R Kelly charged with 10 counts of sexual abuse

R Kelly charged with 10 counts of sexual abuse Photo: File photo

February 22, 2019 03:48 PM

Chicago prosecutors have charged R&B star R. Kelly with 10 counts of aggravated sexual abuse, according to media reports citing court records.

Friday's charges come after years of allegations directed at Kelly, accusing the now 52-year-old of sexual misconduct involving women and underage girls. Through his lawyers, he has consistently denied them.


Kelly, whose legal name is Robert Kelly, is one of the top-selling recording artists of all time. He has won multiple Grammys, including for his hit-song, "I Believe I Can Fly."

Jurors acquitted Kelly of child pornography charges at a 2008 trial. Those charges stemmed from a video prosecutors alleged showed Kelly having sex with a girl as young as 13.

Attorney Michael Avenatti said last week that he recently gave Chicago prosecutors new video evidence of Kelly having sex with an underage girl.

Judge Dennis Porter also authorized a no-bail arrest warrant for Kelly. No-bail arrest warrants don't necessarily mean the defendant won't eventually be offered bail once appearing in court to answer the charges.

The charges filed Friday list four victims, including at least three between the ages of 13 and 17. The victims are listed only by initials in the document. They date back to at least 1998.

Cook County State's Attorney Kim Foxx said the sentencing range for aggravated sexual assault is up to seven years in prison.

If he is convicted on all 10 counts, a judge could decide that the sentences run one after the other - making it possible that he receives a sentence of up to 70 years behind bars.

Probation is also an option under statute.

Kelly has been dogged for years by allegations that he sexually abused women and underage girls. He and his attorneys have repeatedly denied allegations of sexual misconduct.

Here is a look at some of the different accusations that have been made against him:


Kelly, then 27, wed Aaliyah Dana Haughton, then 15, at a suburban Chicago hotel.
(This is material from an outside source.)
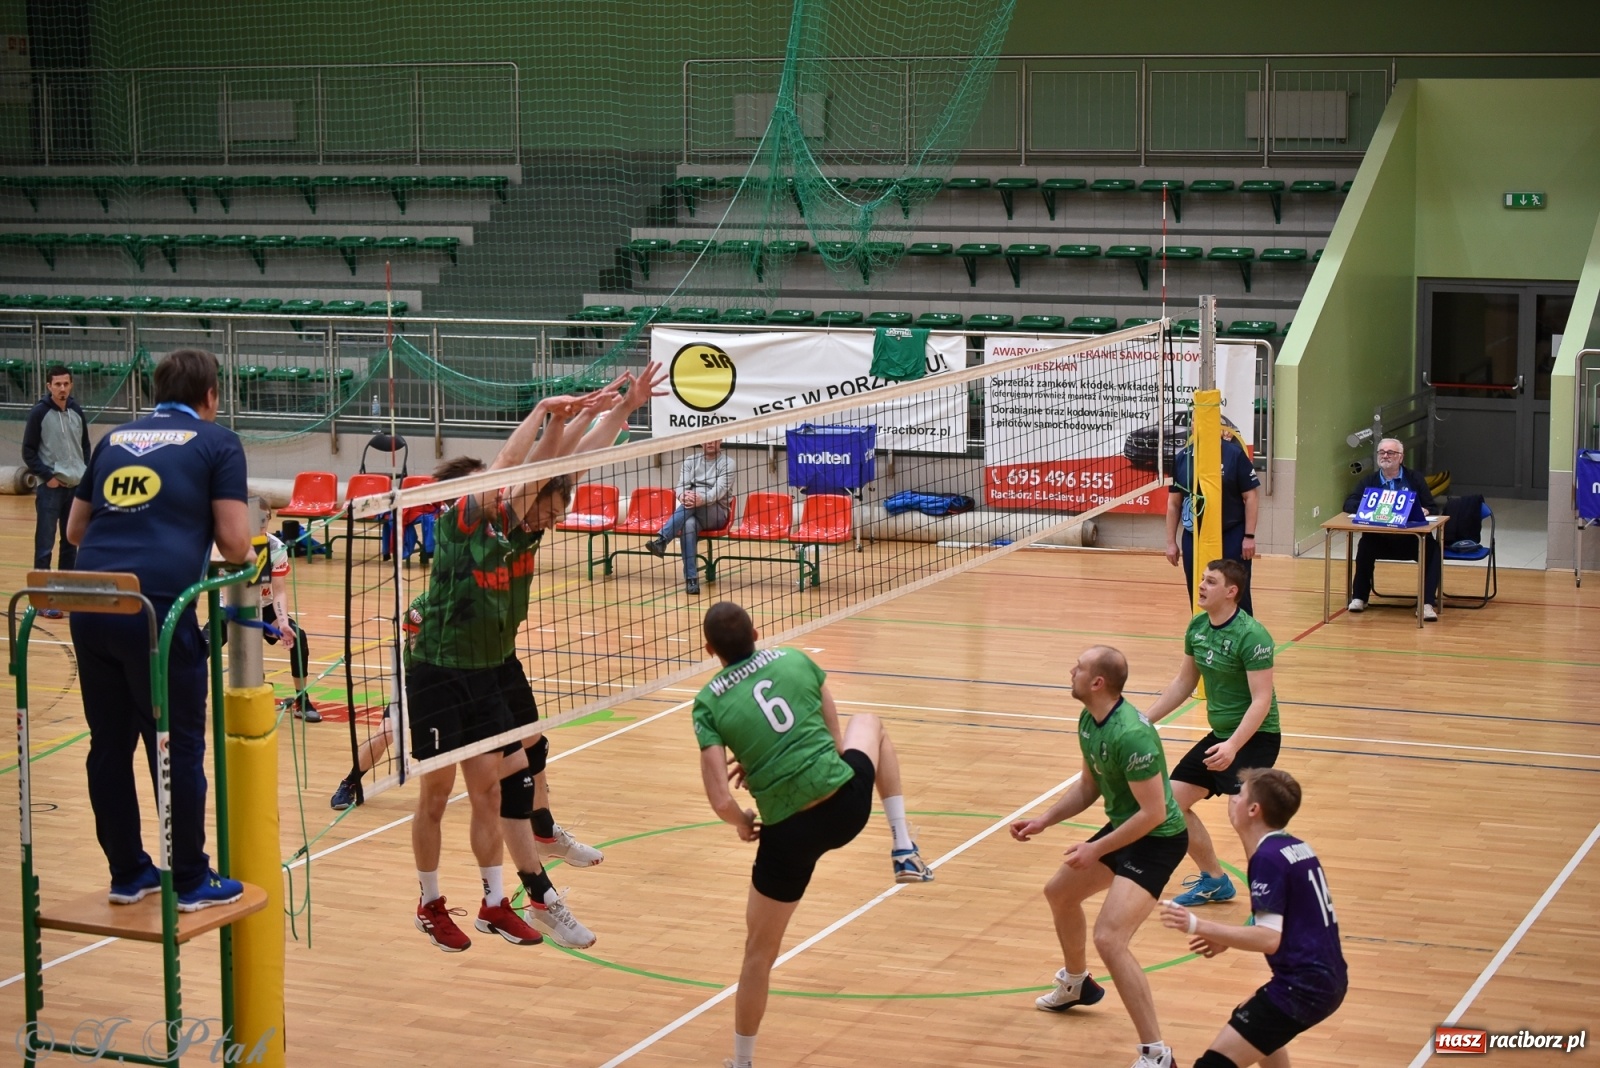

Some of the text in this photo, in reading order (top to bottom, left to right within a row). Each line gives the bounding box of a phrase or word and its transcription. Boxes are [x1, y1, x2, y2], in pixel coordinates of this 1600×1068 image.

The singer had been his protege, and he wrote and produced her 1994 debut album, "Age Ain't Nothing But A Number." The marriage was later annulled, and the two refused to confirm it happened. In 2001, Aaliyah died in a light aircraft crash in the Abaco Islands, Bahamas.


A Chicago woman, Tiffany Hawkins, sued Kelly and his recording and management companies alleging she suffered personal injuries and emotional harm because she had sex with the singer in 1991, when she was 15. The relationship ended in 1994 when she turned 18. The woman said she met Kelly while a freshman at Kenwood Academy, a high school Kelly attended but didn't graduate from. She was seeking $10 million in damages, but the Chicago Sun-Times reported in December 2000 that she settled for $250,000. Over the next two years, Kelly settled three more cases out of court but denied wrongdoing.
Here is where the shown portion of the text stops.